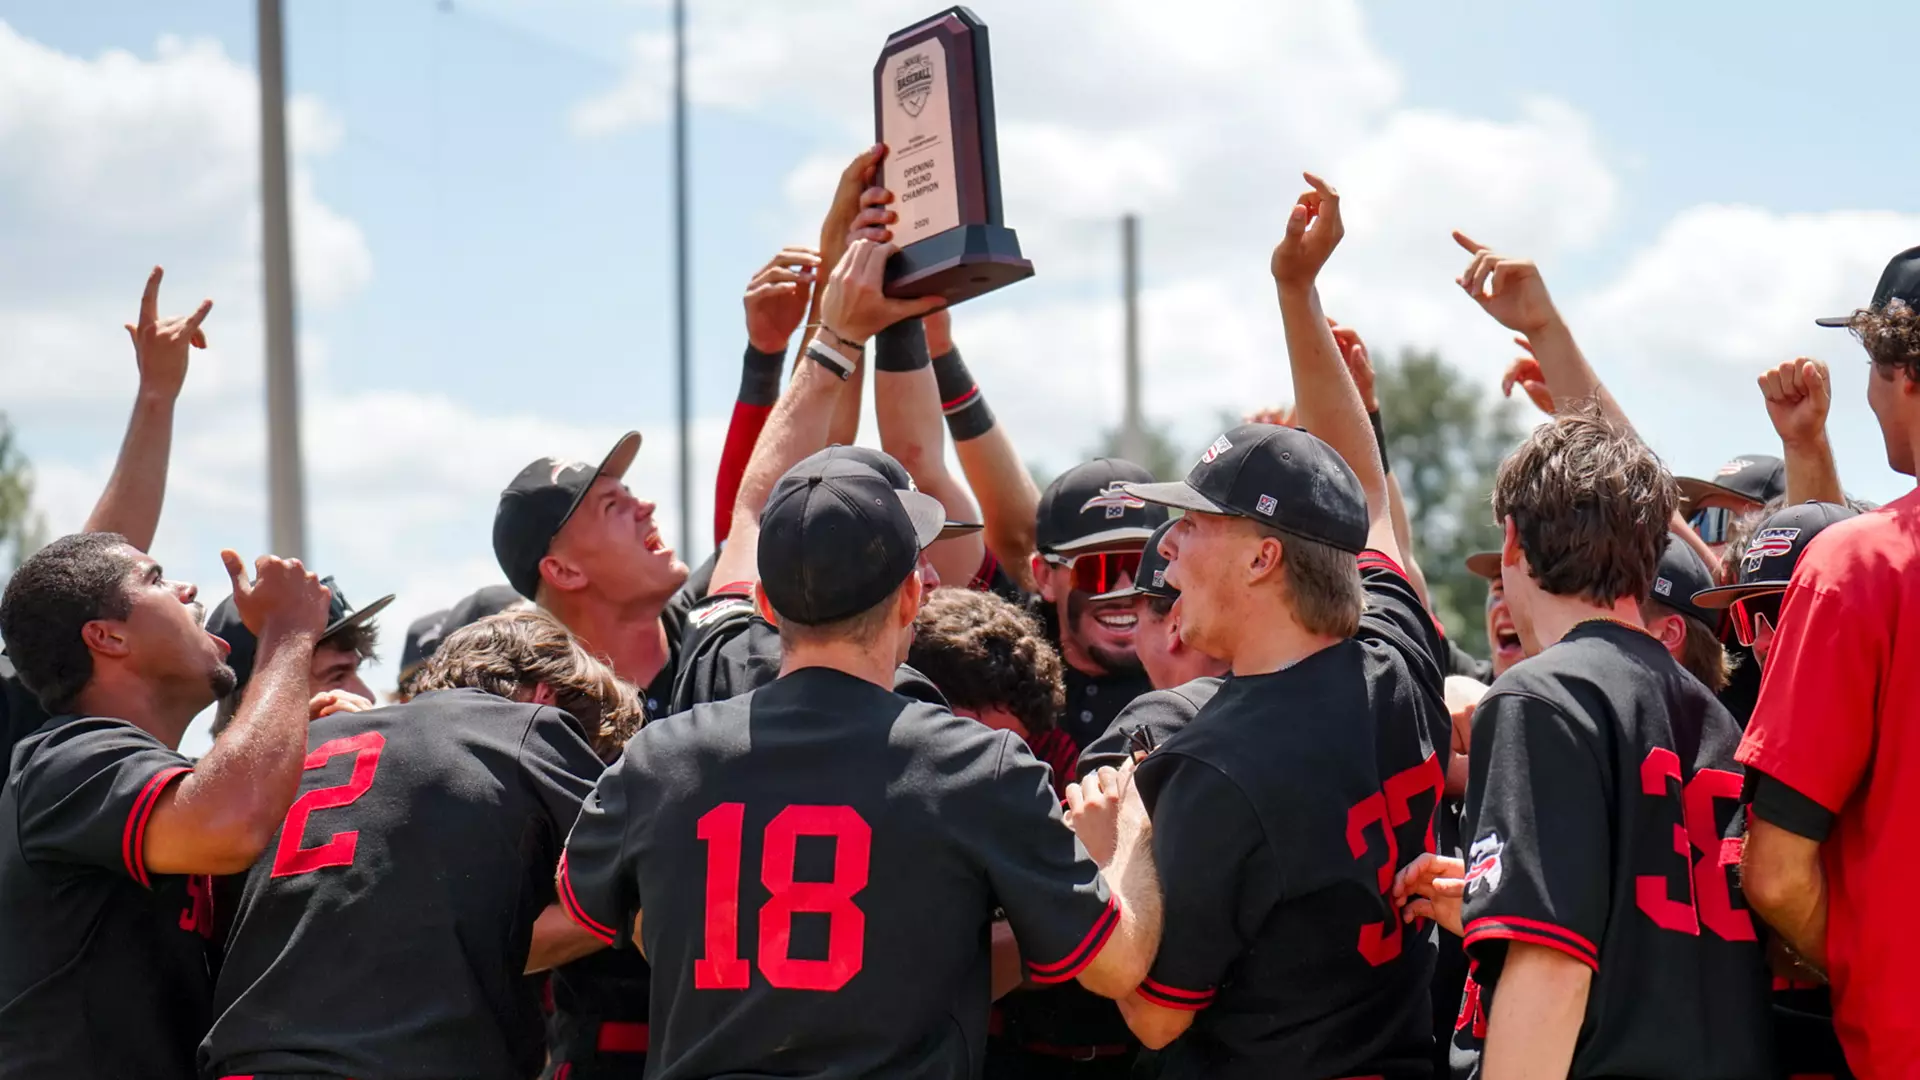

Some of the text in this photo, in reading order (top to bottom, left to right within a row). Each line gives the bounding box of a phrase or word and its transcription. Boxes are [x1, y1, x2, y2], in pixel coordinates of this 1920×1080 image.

[897, 67, 932, 91] BASEBALL
[902, 181, 939, 203] CHAMPION
[903, 159, 935, 178] OPENING
[907, 172, 932, 189] ROUND
[270, 730, 386, 878] 2
[1635, 746, 1759, 942] 38
[694, 802, 872, 991] 18
[1345, 751, 1445, 967] 37
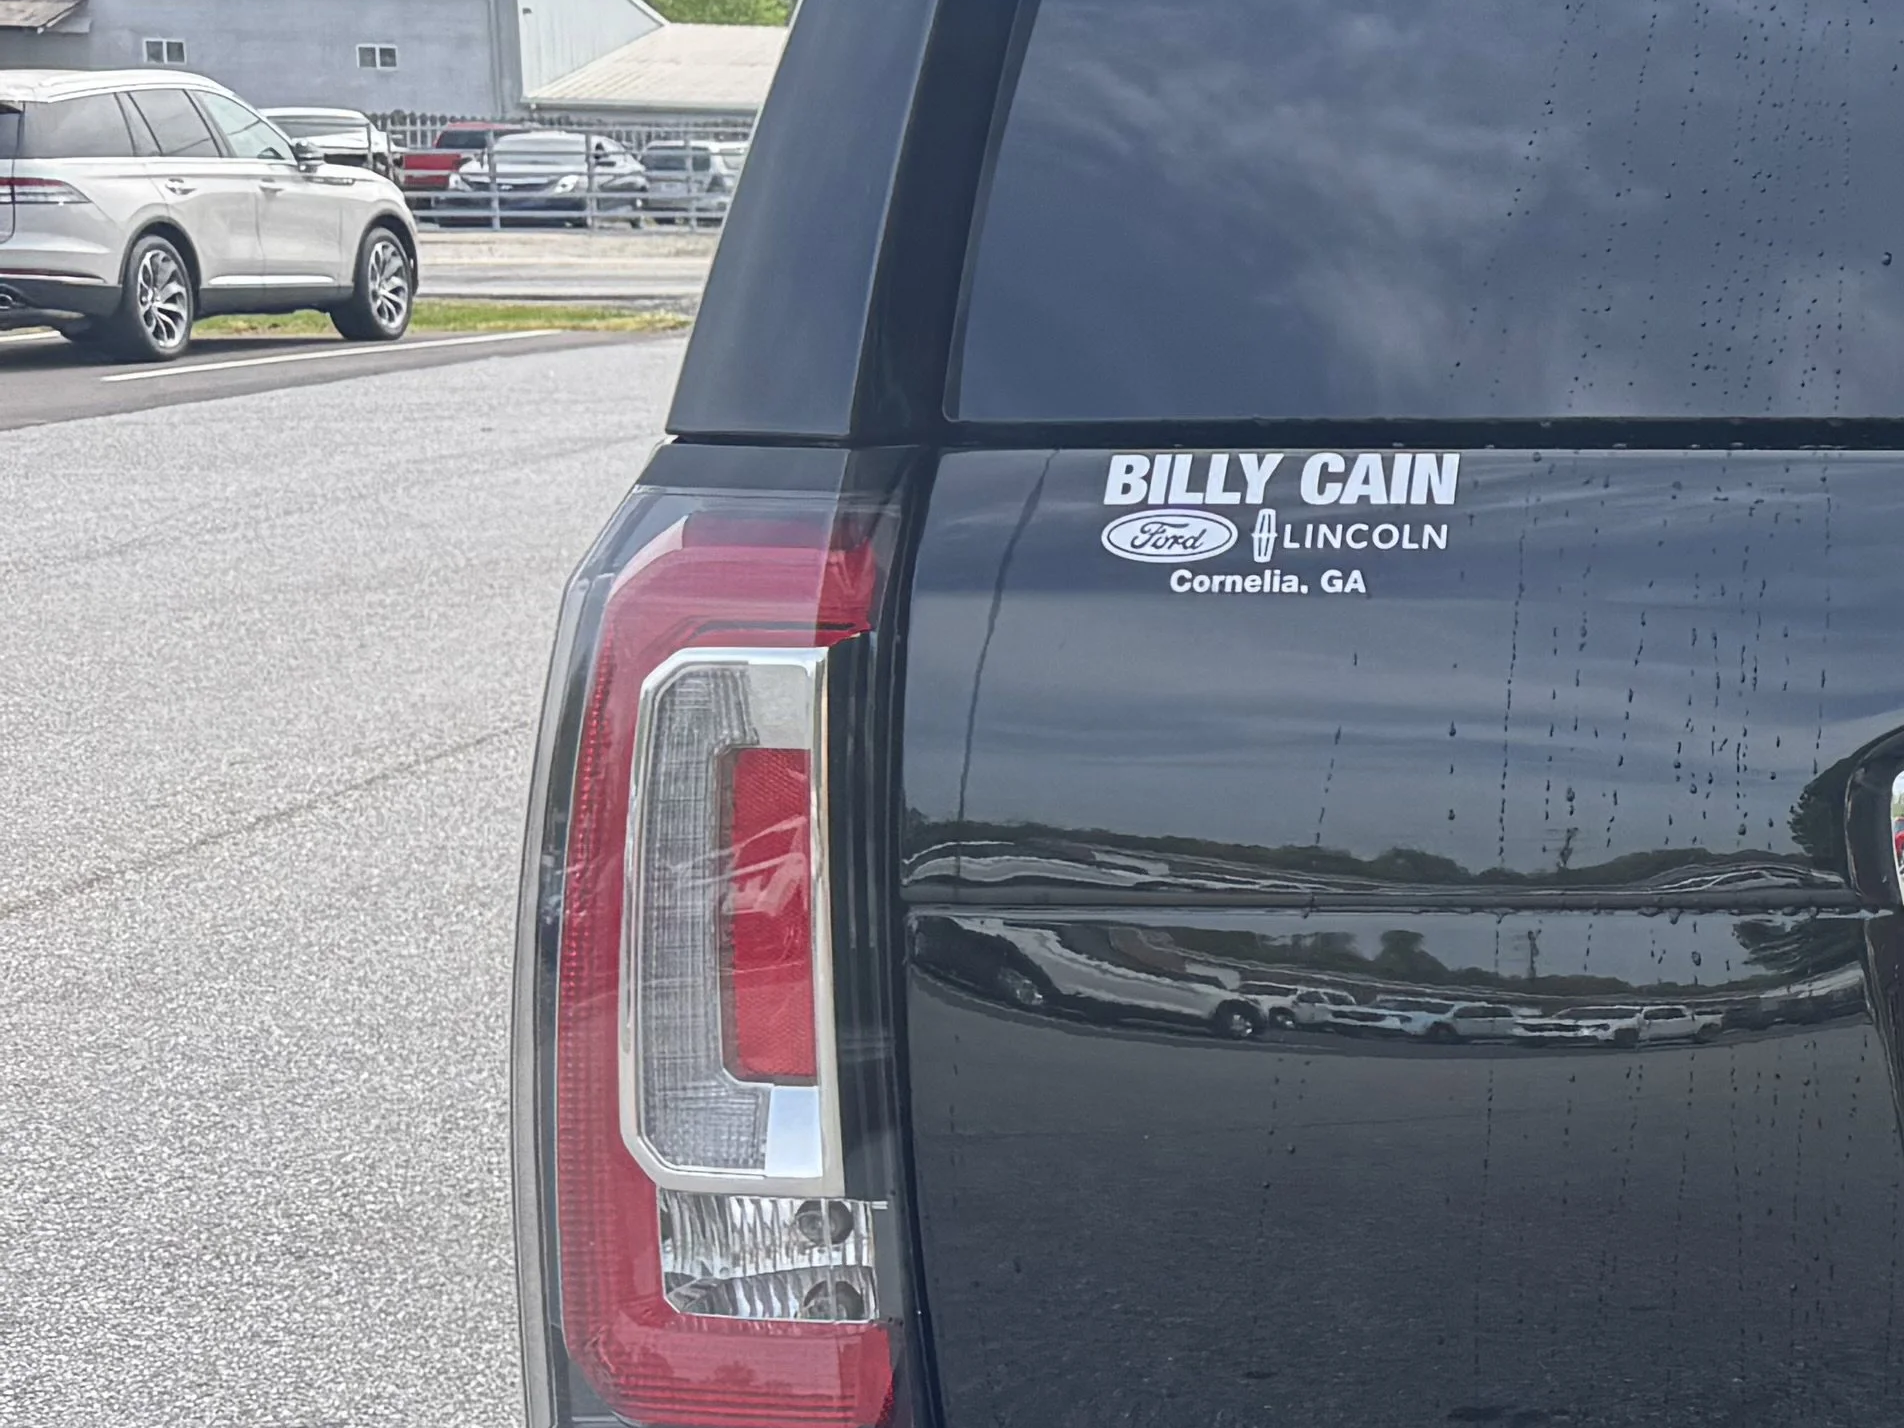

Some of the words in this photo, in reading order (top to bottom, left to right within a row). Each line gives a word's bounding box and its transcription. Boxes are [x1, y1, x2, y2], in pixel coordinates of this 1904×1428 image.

[1103, 453, 1285, 505] BILLY
[1300, 452, 1461, 505] CAIN
[1130, 521, 1206, 551] Ford
[1283, 523, 1449, 550] LINCOLN
[1170, 569, 1309, 594] Cornelia,
[1320, 569, 1367, 594] GA
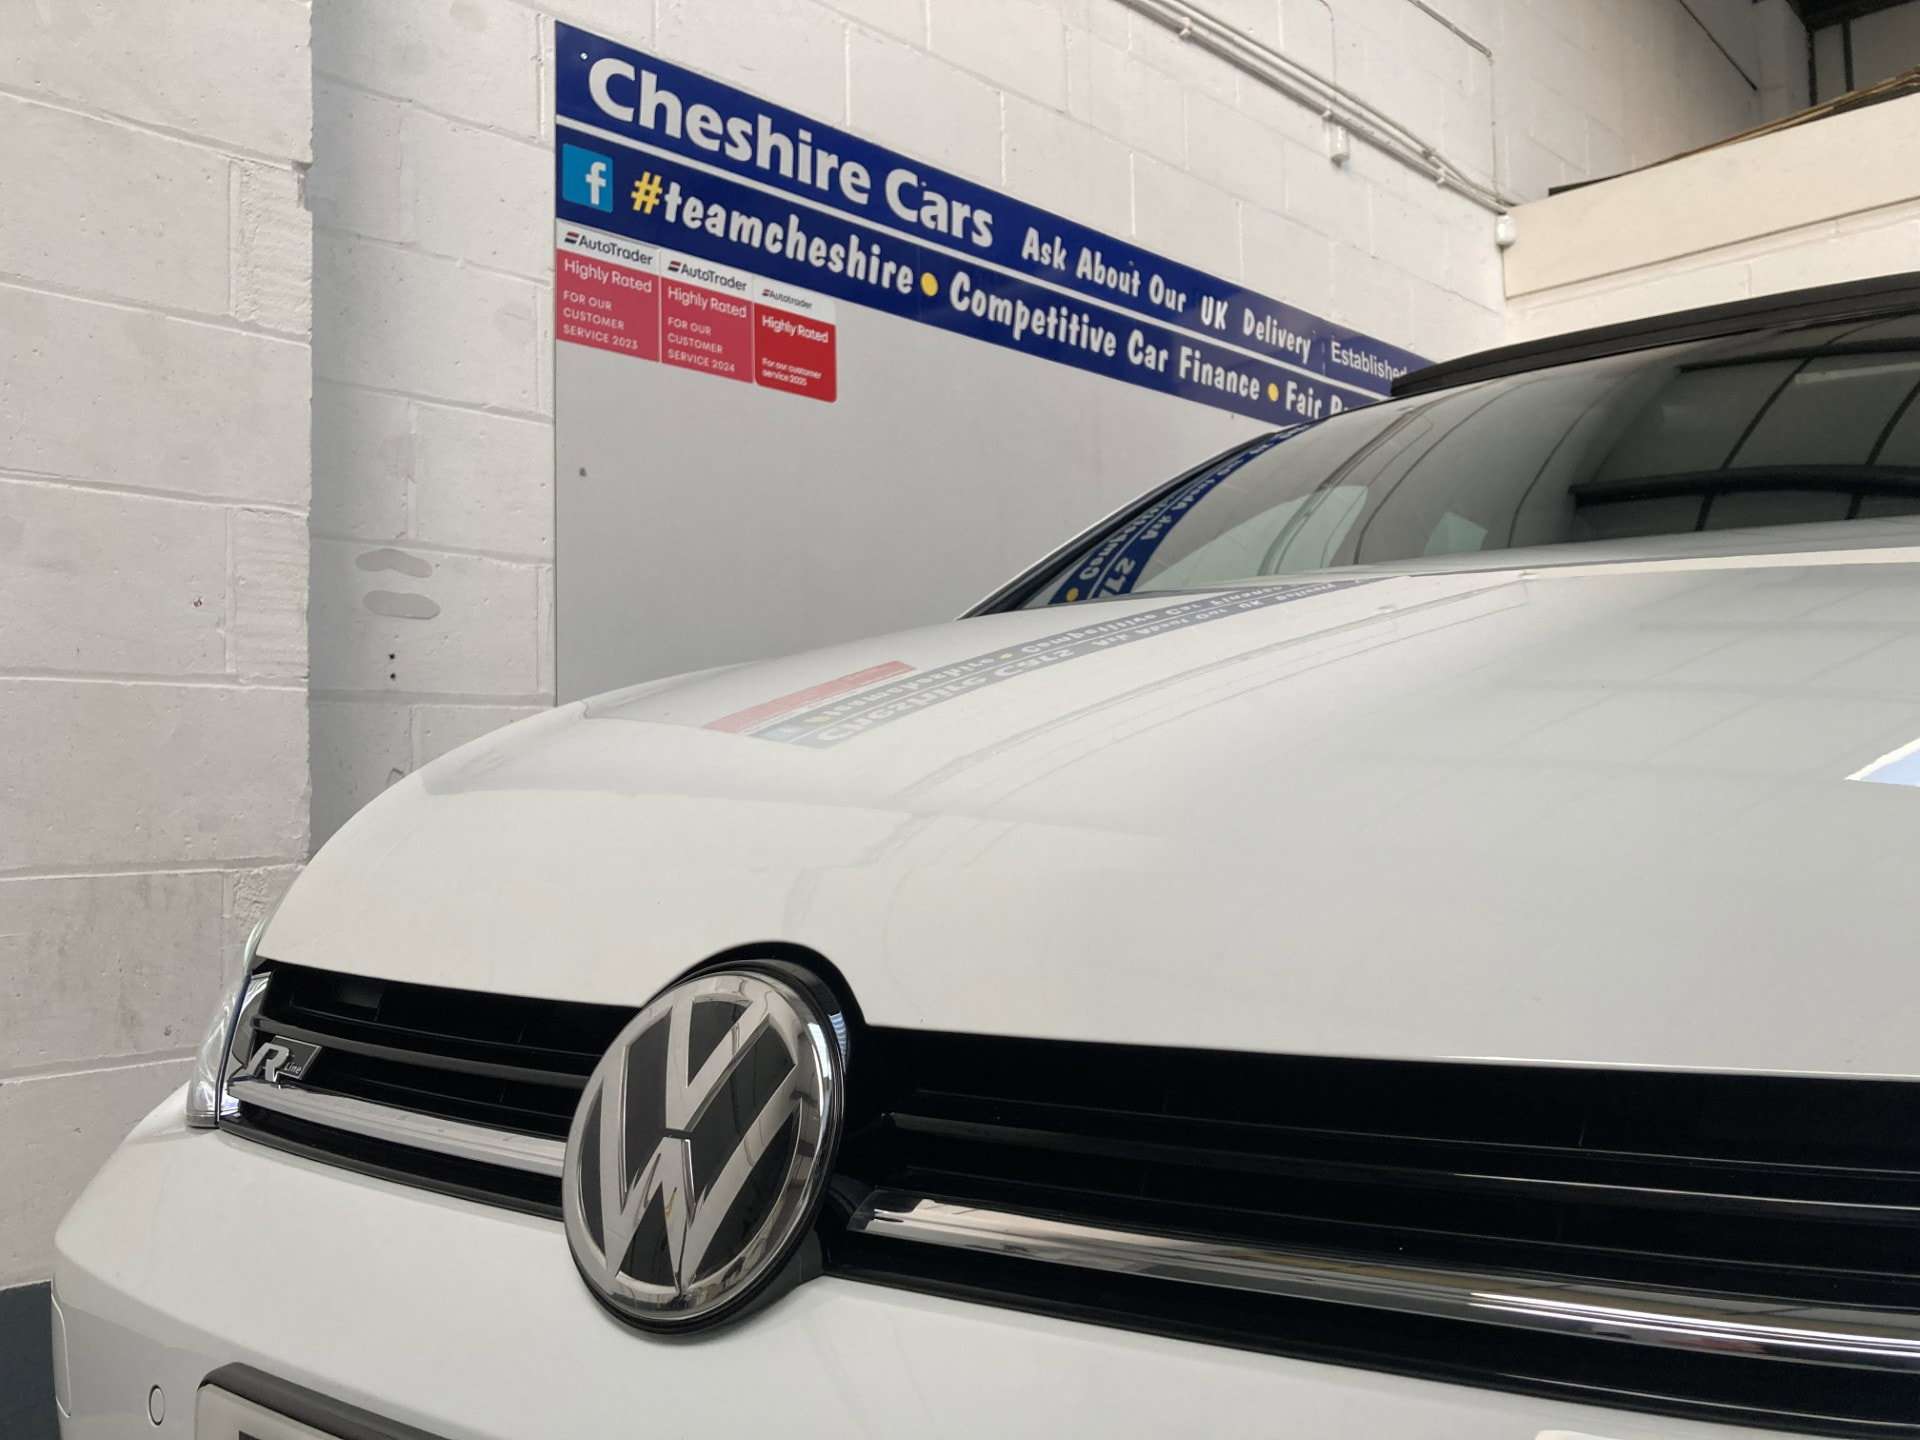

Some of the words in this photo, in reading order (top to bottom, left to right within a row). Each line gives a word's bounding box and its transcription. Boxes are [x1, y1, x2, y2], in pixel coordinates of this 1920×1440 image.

[588, 57, 871, 205] Cheshire
[885, 168, 994, 248] Cars
[585, 162, 607, 205] f
[579, 235, 653, 265] AutoTrader
[564, 258, 609, 284] Highly
[611, 271, 652, 293] Rated
[681, 264, 748, 291] AutoTrader
[563, 290, 586, 304] FOR
[588, 297, 612, 310] OUR
[631, 171, 913, 294] #teamcheshire
[949, 271, 1117, 358] Competitive
[1128, 330, 1168, 374] Car
[1180, 346, 1260, 401] Finance
[1286, 380, 1322, 419] Fair
[668, 286, 708, 310] Highly
[710, 298, 747, 318] Rated
[1021, 227, 1067, 272] Ask
[1076, 247, 1141, 298] About
[1148, 275, 1187, 313] Our
[1201, 296, 1227, 330] UK
[1243, 308, 1311, 364] Delivery
[563, 307, 624, 330] CUSTOMER
[668, 316, 688, 330] FOR
[691, 322, 712, 335] OUR
[762, 315, 796, 336] Highly
[798, 324, 828, 343] Rated
[563, 324, 609, 343] SERVICE
[668, 333, 723, 353] CUSTOMER
[668, 349, 709, 366] SERVICE
[712, 359, 735, 372] 2024
[762, 357, 775, 367] For
[776, 362, 787, 370] our
[788, 365, 822, 379] customer
[762, 369, 788, 381] service
[246, 1042, 289, 1082] R

# EXERCISE OBJECTIVE:
Would you repeat the listing word for word and skip every picture?

# EXPECTED OUTPUT:
Some of the text in this photo, in reading order (top to bottom, left to right within a row). Each line gives the bounding box of a phrase or word and its transcription. Boxes are [x1, y1, x2, y2], in pixel coordinates of this 1920×1080 image.

[897, 67, 932, 91] BASEBALL
[902, 181, 939, 203] CHAMPION
[903, 159, 935, 178] OPENING
[907, 172, 932, 189] ROUND
[270, 730, 386, 878] 2
[1635, 746, 1759, 942] 38
[694, 802, 872, 991] 18
[1345, 751, 1445, 967] 37

Some of the words in this photo, in reading order (top to bottom, left to right within a row). Each line gives a word's bounding box and its transcription. Boxes are [x1, y1, x2, y2], in pixel coordinates of this 1904×1428 image.

[1103, 453, 1285, 505] BILLY
[1300, 452, 1461, 505] CAIN
[1130, 521, 1206, 551] Ford
[1283, 523, 1449, 550] LINCOLN
[1170, 569, 1309, 594] Cornelia,
[1320, 569, 1367, 594] GA

Some of the words in this photo, in reading order (top to bottom, left to right within a row). Each line gives a word's bounding box and its transcription. Boxes are [x1, y1, x2, y2], in pixel coordinates of this 1920×1440 image.

[588, 57, 871, 205] Cheshire
[885, 168, 994, 248] Cars
[585, 162, 607, 205] f
[579, 235, 653, 265] AutoTrader
[564, 258, 609, 284] Highly
[611, 271, 652, 293] Rated
[681, 264, 748, 291] AutoTrader
[563, 290, 586, 304] FOR
[588, 297, 612, 310] OUR
[631, 171, 913, 294] #teamcheshire
[949, 271, 1117, 358] Competitive
[1128, 330, 1168, 374] Car
[1180, 346, 1260, 401] Finance
[1286, 380, 1322, 419] Fair
[668, 286, 708, 310] Highly
[710, 298, 747, 318] Rated
[1021, 227, 1067, 272] Ask
[1076, 247, 1141, 298] About
[1148, 275, 1187, 313] Our
[1201, 296, 1227, 330] UK
[1243, 308, 1311, 364] Delivery
[563, 307, 624, 330] CUSTOMER
[668, 316, 688, 330] FOR
[691, 322, 712, 335] OUR
[762, 315, 796, 336] Highly
[798, 324, 828, 343] Rated
[563, 324, 609, 343] SERVICE
[668, 333, 723, 353] CUSTOMER
[668, 349, 709, 366] SERVICE
[712, 359, 735, 372] 2024
[762, 357, 775, 367] For
[776, 362, 787, 370] our
[788, 365, 822, 379] customer
[762, 369, 788, 381] service
[246, 1042, 289, 1082] R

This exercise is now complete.